JAKARTA, IMPIANNEWS.COM
Kasus dugaan penipuan yang menyeret platform fintech PT Dana Syariah Indonesia (DSI) kini memasuki babak baru. Direktorat Tindak Pidana Ekonomi Khusus (Dittipideksus) Bareskrim Polri resmi meningkatkan status perkara dari penyelidikan ke tahap penyidikan.
Langkah ini diambil setelah penyidik menemukan bukti awal adanya unsur pidana dalam operasional perusahaan tersebut. Fokus utama polisi saat ini adalah mengumpulkan alat bukti lengkap untuk menetapkan siapa saja pihak yang paling bertanggung jawab atas kerugian besar yang dialami para pemodal (lender).
Temuan Utama Penyidikan
Berdasarkan keterangan Direktur Tindak Pidana Ekonomi Khusus Bareskrim Polri, Brigjen Ade Safri, berikut adalah poin-poin penting dalam perkembangan kasus ini:
Estimasi Kerugian Fantastis: Hingga saat ini, total kerugian diperkirakan mencapai Rp 2,4 triliun. Namun, angka ini diprediksi masih bisa bertambah seiring berjalannya proses hukum.
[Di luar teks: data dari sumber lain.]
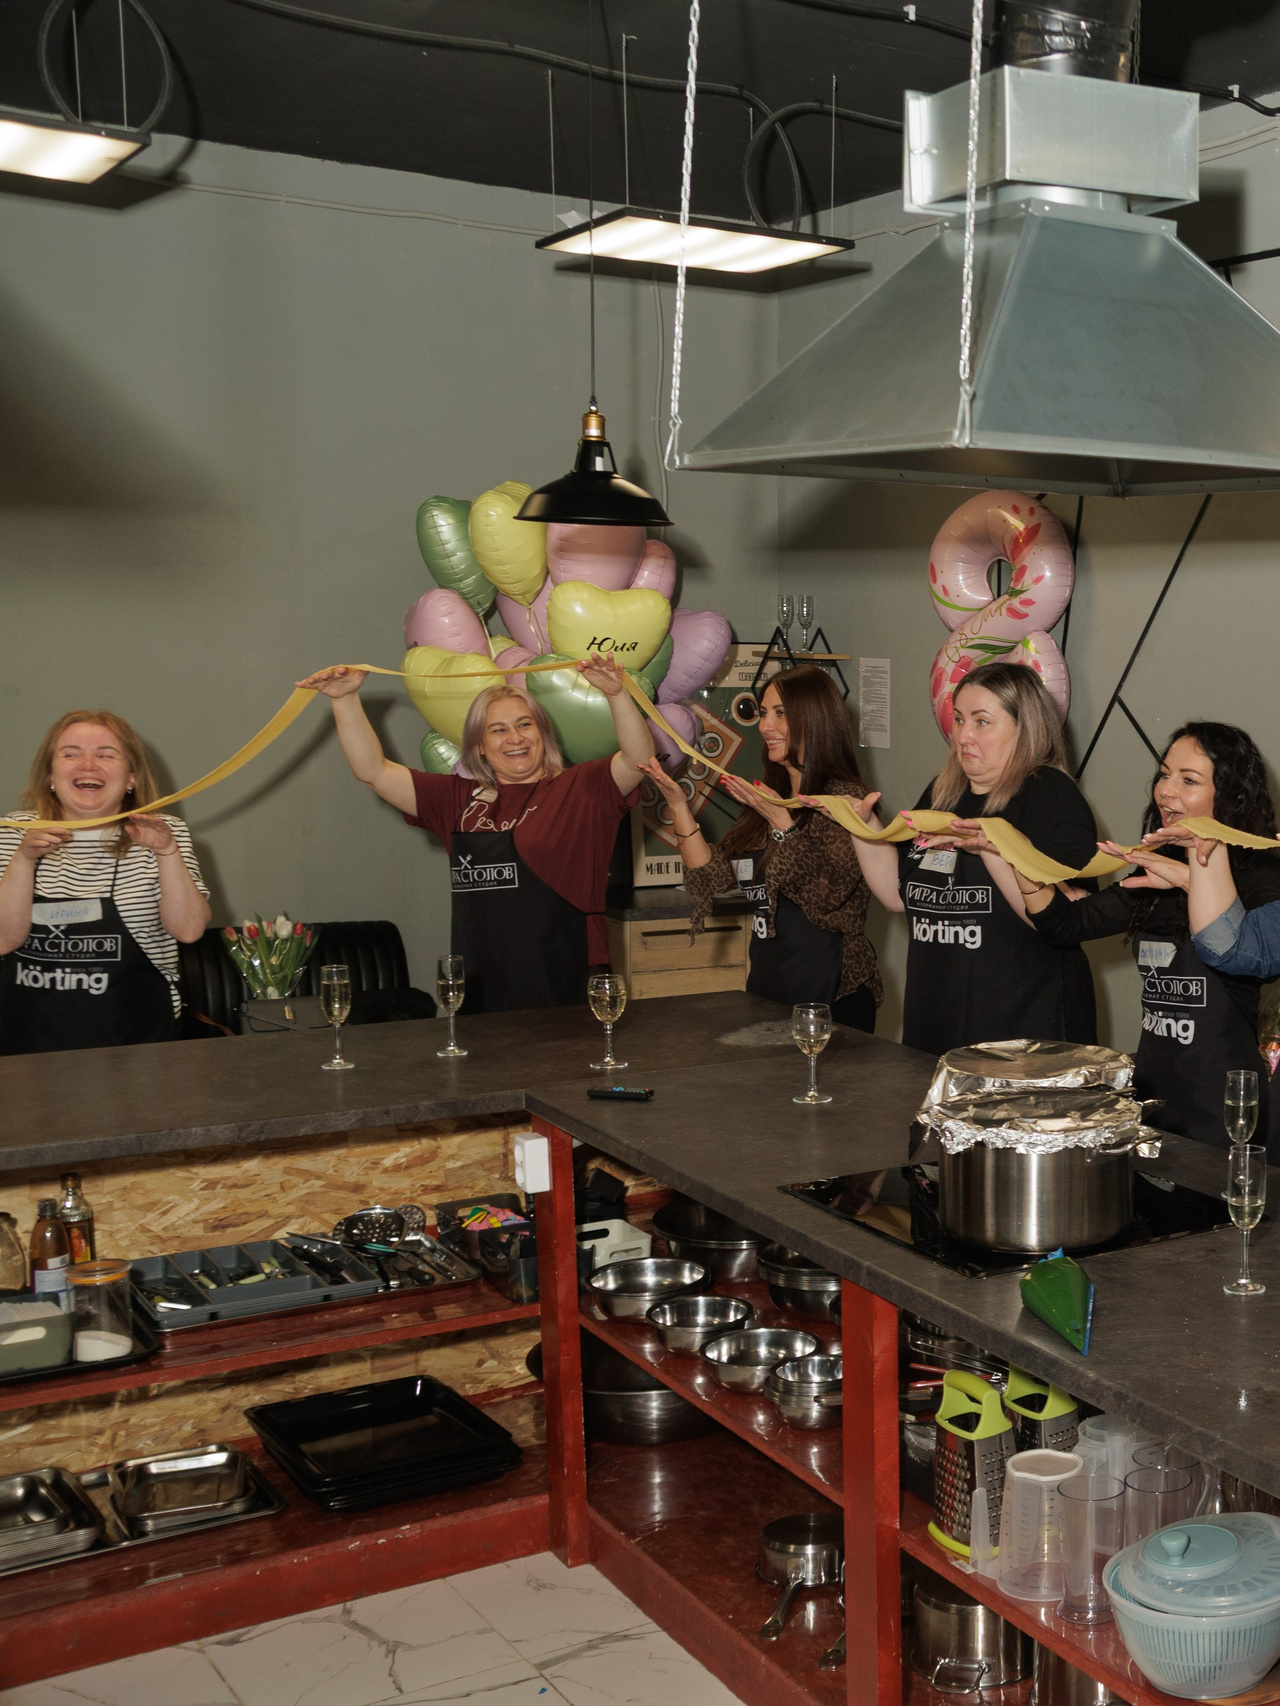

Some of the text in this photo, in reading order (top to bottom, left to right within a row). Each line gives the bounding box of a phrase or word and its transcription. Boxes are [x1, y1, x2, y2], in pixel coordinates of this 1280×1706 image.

[586, 636, 639, 653] Юля
[461, 866, 514, 883] СТОЛОВ
[645, 861, 671, 875] MADE
[908, 885, 988, 904] ИГРА СТОЛОВ
[912, 916, 982, 949] körting
[45, 938, 117, 953] СТОЛОВ
[16, 962, 109, 995] körting
[1144, 977, 1202, 996] СТОЛОВ
Operasional Tanpa Izin: PT DSI diketahui telah menghimpun dana masyarakat sejak 2018, padahal izin usaha dari Otoritas Jasa Keuangan (OJK) baru resmi dikantongi pada tahun 2021.
Dugaan Proyek Fiktif: Penyidik menemukan indikasi kuat praktik fraud (kecurangan). Dari 100 proyek yang diklaim perusahaan, sebanyak 99 proyek diduga kuat merupakan fiktif.
Pemusatan Perkara: Untuk efektivitas penanganan, seluruh laporan masyarakat yang sebelumnya masuk ke Polda Metro Jaya kini ditarik dan dipusatkan di Bareskrim Polri.
Langkah Selanjutnya
Sejauh ini, polisi telah mengantongi tiga nama terlapor. Namun, penetapan tersangka secara resmi akan dilakukan melalui mekanisme gelar perkara setelah penyidik mengamankan minimal dua alat bukti yang sah sesuai ketentuan undang-undang.
"Penyidik Subdit Perbankan tengah melakukan pemeriksaan saksi-saksi dan mengumpulkan barang bukti untuk membuat terang tindak pidana ini," ujar Brigjen Ade Safri pada Senin (19/1).